Bog bodies speak to her in a way “that can be quite direct and disconcerting … there is something about being able to actually see someone’s face that draws us in, as we are programmed to respond to humanity”.
Indeed, bog bodies offer us an intimate connection with our past or, perhaps more troublingly, hold up a mirror in which we can see a violent and paranoid reflection of human nature. Heaney’s bog poetry collapses time and utilises a historical past to consider the violence— political, local or gendered— that endures in human history. The capacity to bridge the past and the present is the power of the bog bodies and one that, for Giles, “makes the work of archaeologists timely and relevant”.
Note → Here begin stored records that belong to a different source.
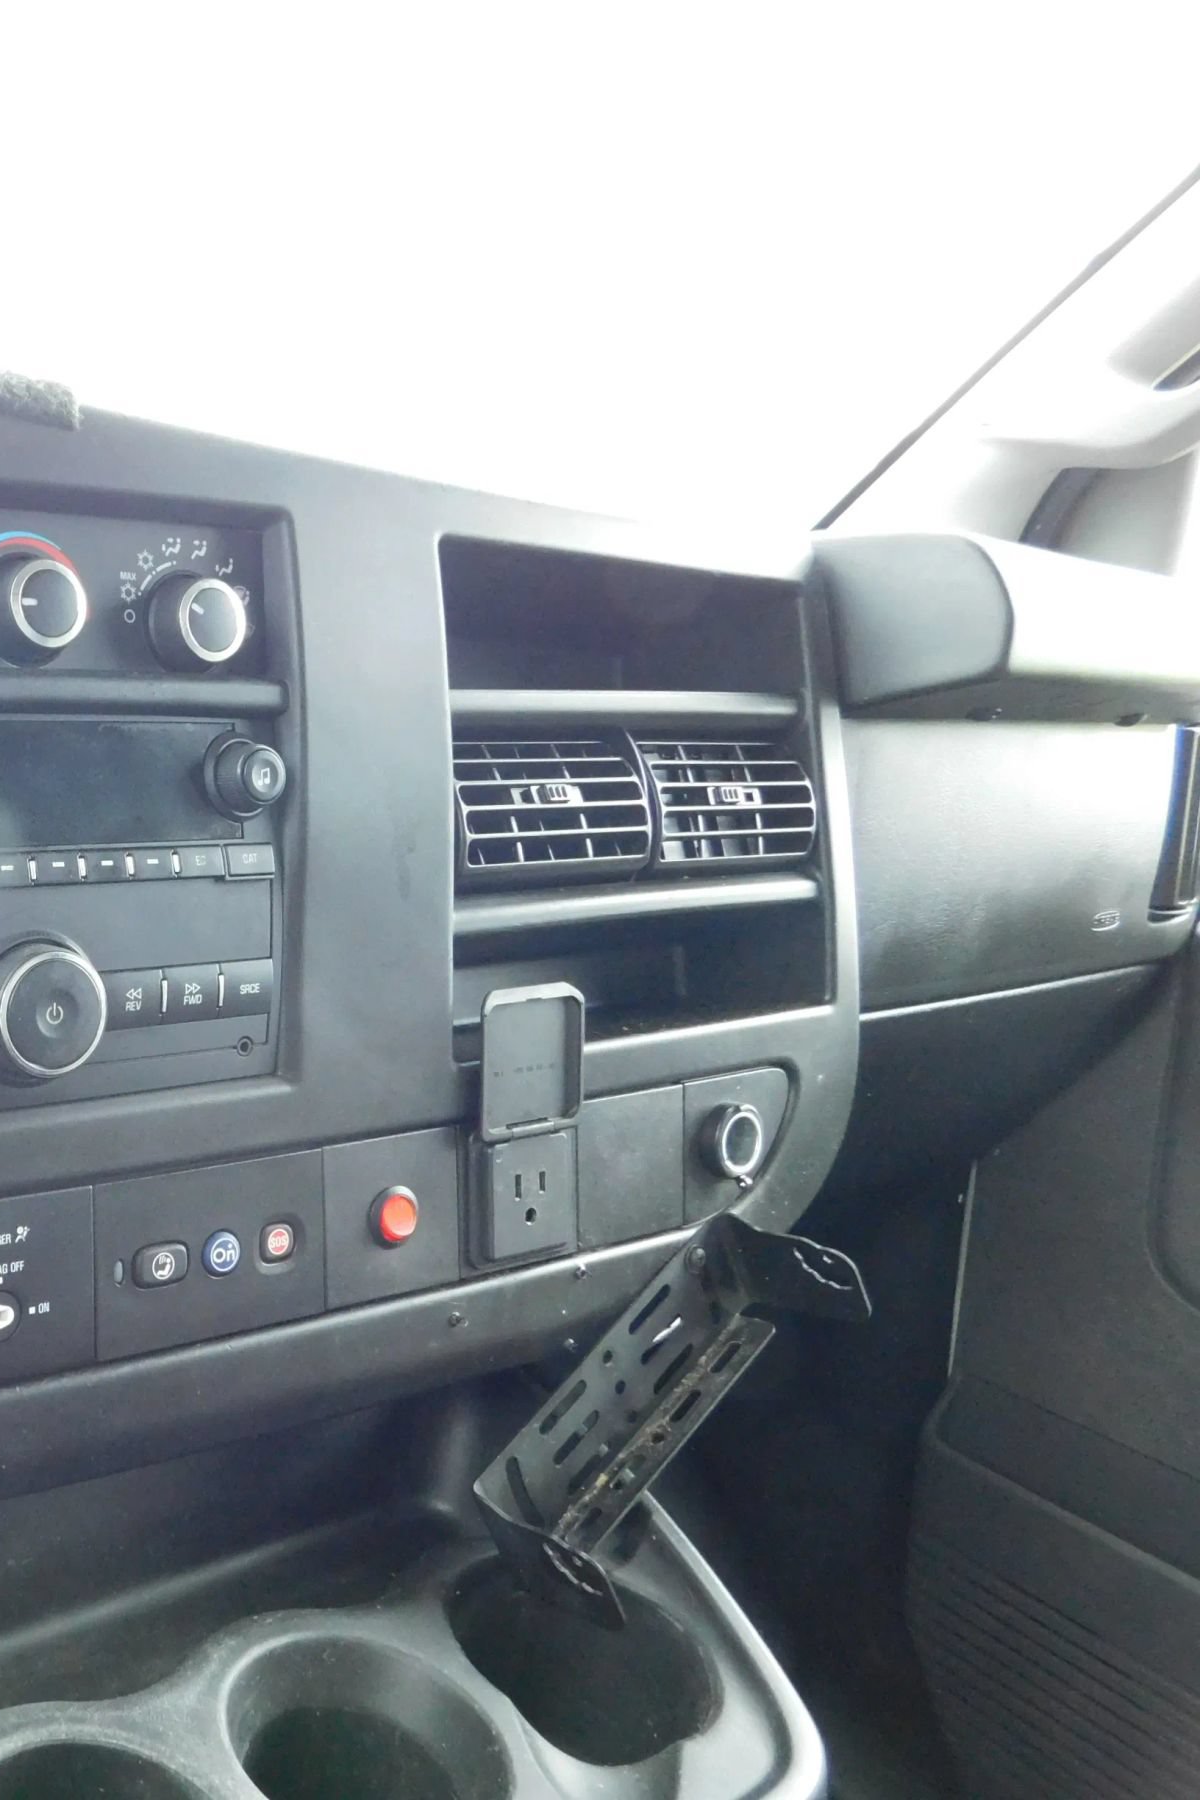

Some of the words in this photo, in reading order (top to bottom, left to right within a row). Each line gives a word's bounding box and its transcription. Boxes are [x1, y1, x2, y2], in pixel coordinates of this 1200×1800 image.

[120, 571, 137, 581] MAX
[242, 853, 257, 864] CAT
[239, 983, 261, 995] SRCE
[125, 1000, 142, 1012] REV
[183, 994, 203, 1006] FWD
[269, 1234, 289, 1249] SOS
[10, 1260, 25, 1273] OFF
[38, 1302, 50, 1314] ON
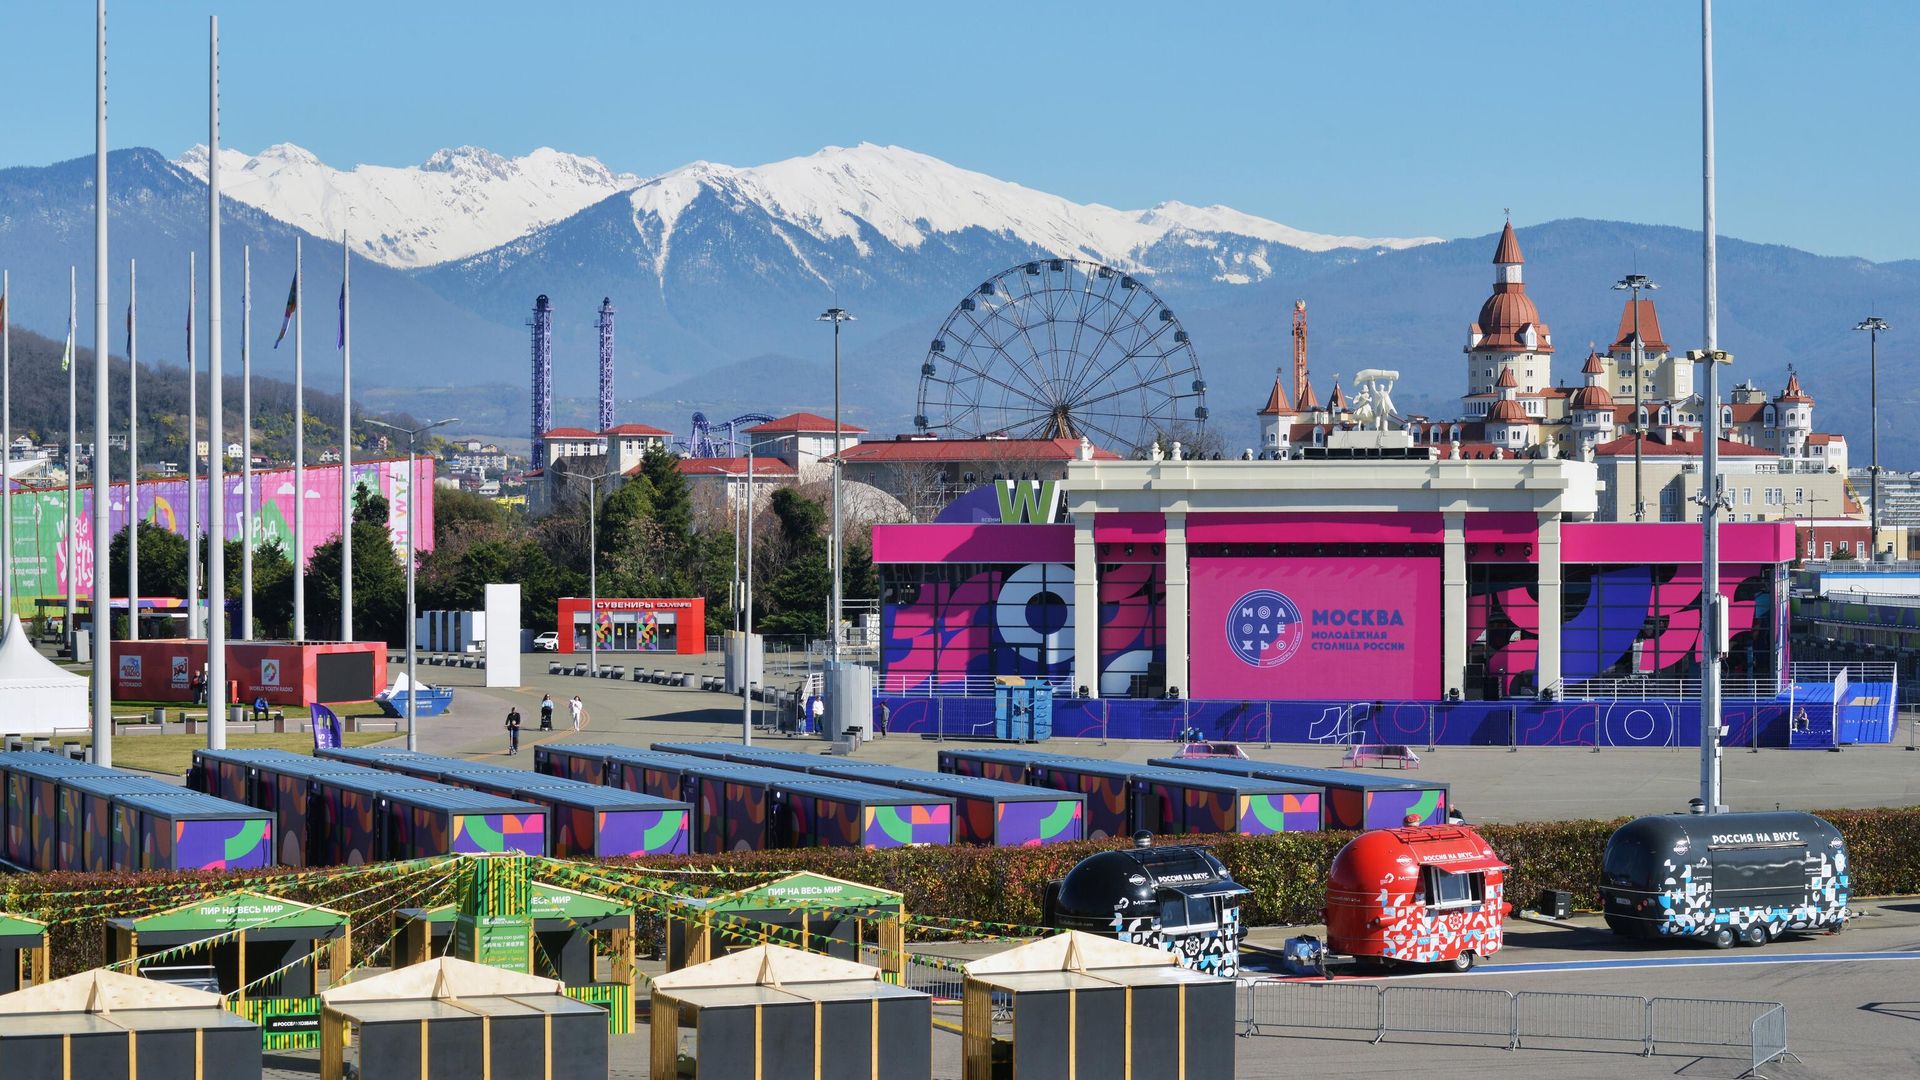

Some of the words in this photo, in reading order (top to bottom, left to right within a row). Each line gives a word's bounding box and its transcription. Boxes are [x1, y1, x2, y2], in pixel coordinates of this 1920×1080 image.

[995, 480, 1054, 524] W
[1312, 609, 1404, 626] МОСКВА
[1311, 629, 1387, 639] МОЛОДЁЖНАЯ
[1311, 642, 1360, 651] СТОЛИЦА
[1363, 642, 1405, 650] РОССИИ
[1712, 834, 1753, 844] РОССИЯ
[1756, 833, 1771, 842] НА
[1774, 832, 1800, 841] ВКУС
[1458, 852, 1473, 860] ВКУС
[1158, 874, 1184, 882] РОССИЯ
[1184, 873, 1193, 881] НА
[1194, 872, 1210, 880] ВКУС
[768, 888, 786, 896] ПИР
[787, 887, 800, 895] НА
[801, 886, 822, 894] ВЕСЬ
[824, 885, 843, 893] МИР
[531, 896, 550, 905] ЕСЬ
[551, 895, 572, 904] МИР
[200, 906, 220, 915] ПИР
[222, 906, 236, 914] НА
[237, 905, 261, 914] ВЕСЬ
[263, 904, 284, 913] МИР
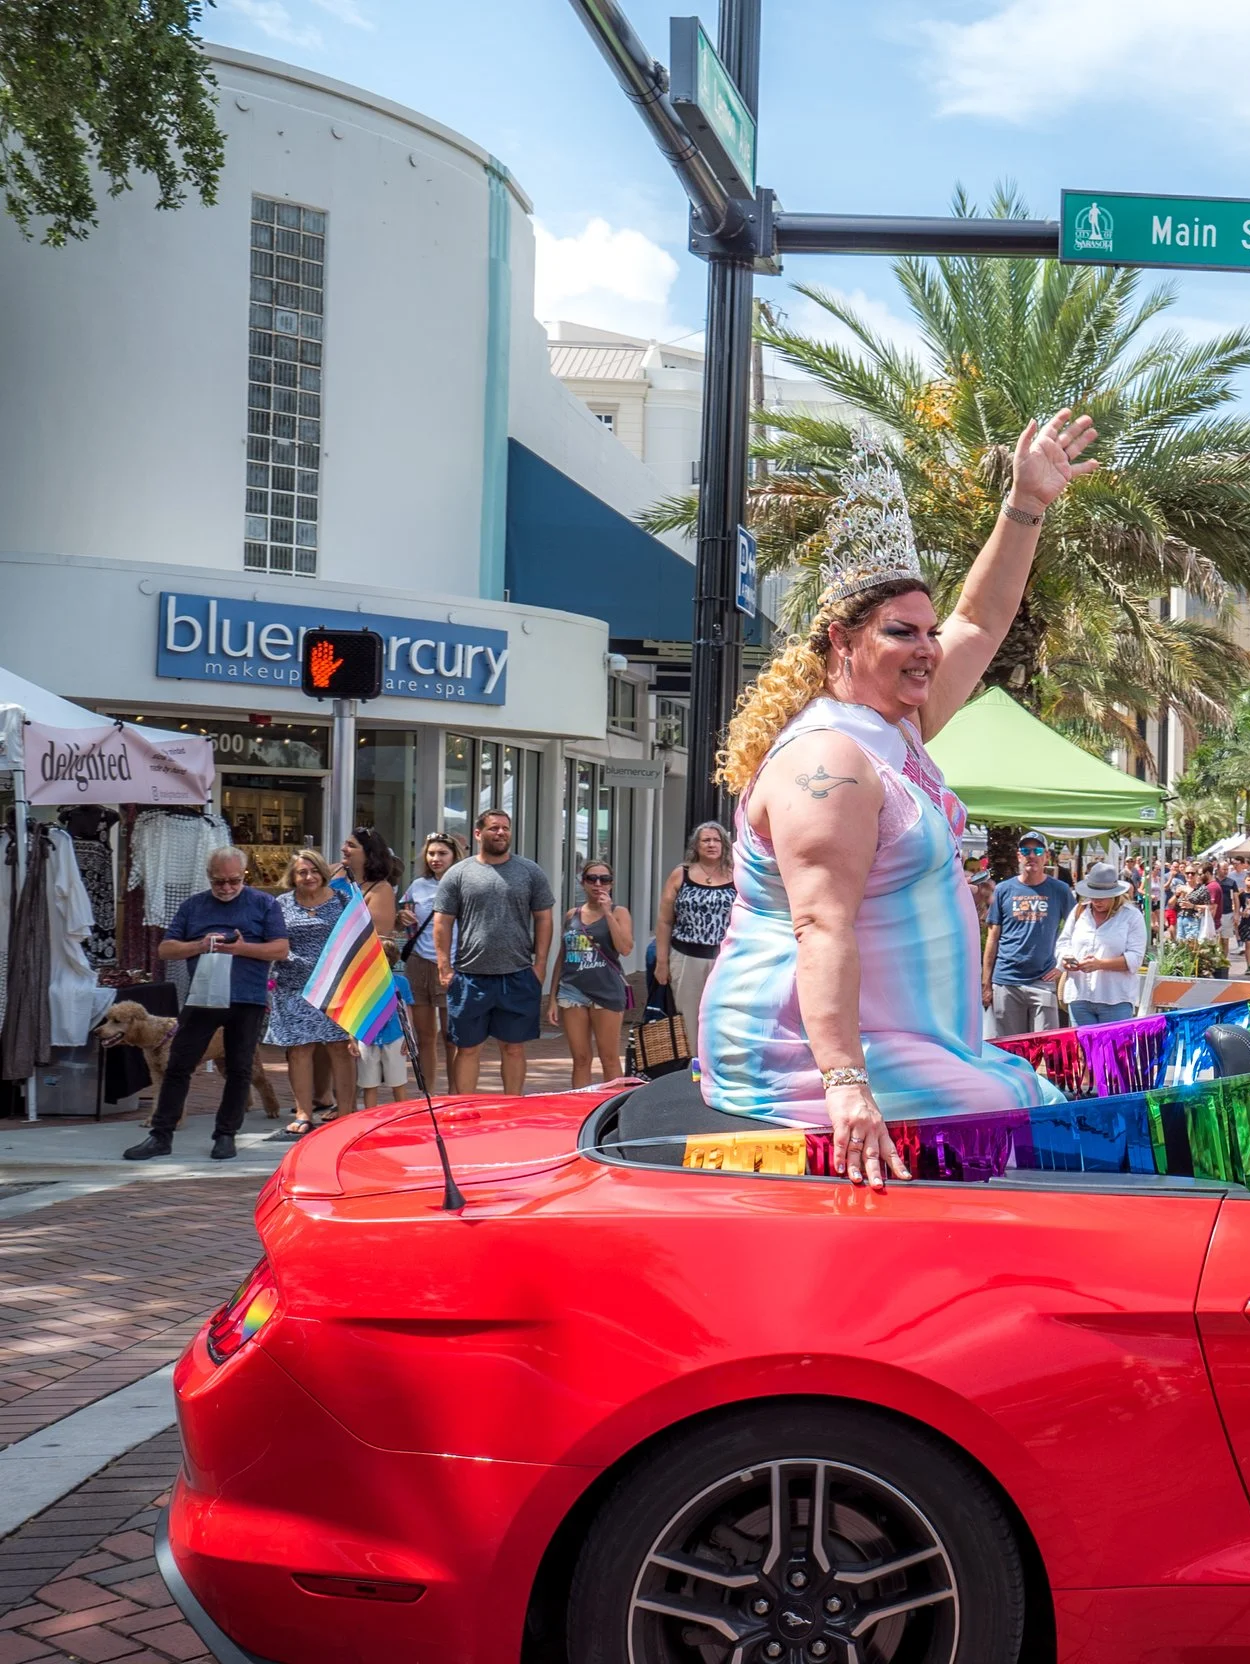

40 years later, Lindow Man is incredibly resonant, with an ongoing debate surrounding the ethics of displaying human remains.
Giles promotes the display of human remains in the case of a strong scientific and environmental case for excavation, for example, when they’ve already been exhumed by peat diggers and simply cannot be reburied. Moreover, she suggests that archaeologists “have care of the dead”, with standards of care that ensure their stability and integrity are maintained.
Aside from enabling us to find out more about past humanity, “human remains in museums are usually our first encounter with mortality”. They catalyse conversations around loss, grief and death. Rather than presenting a past that is riddled with violence and brutality then, bog bodies are able to intimately illuminate to us a certainty that is shared across common humanity: death.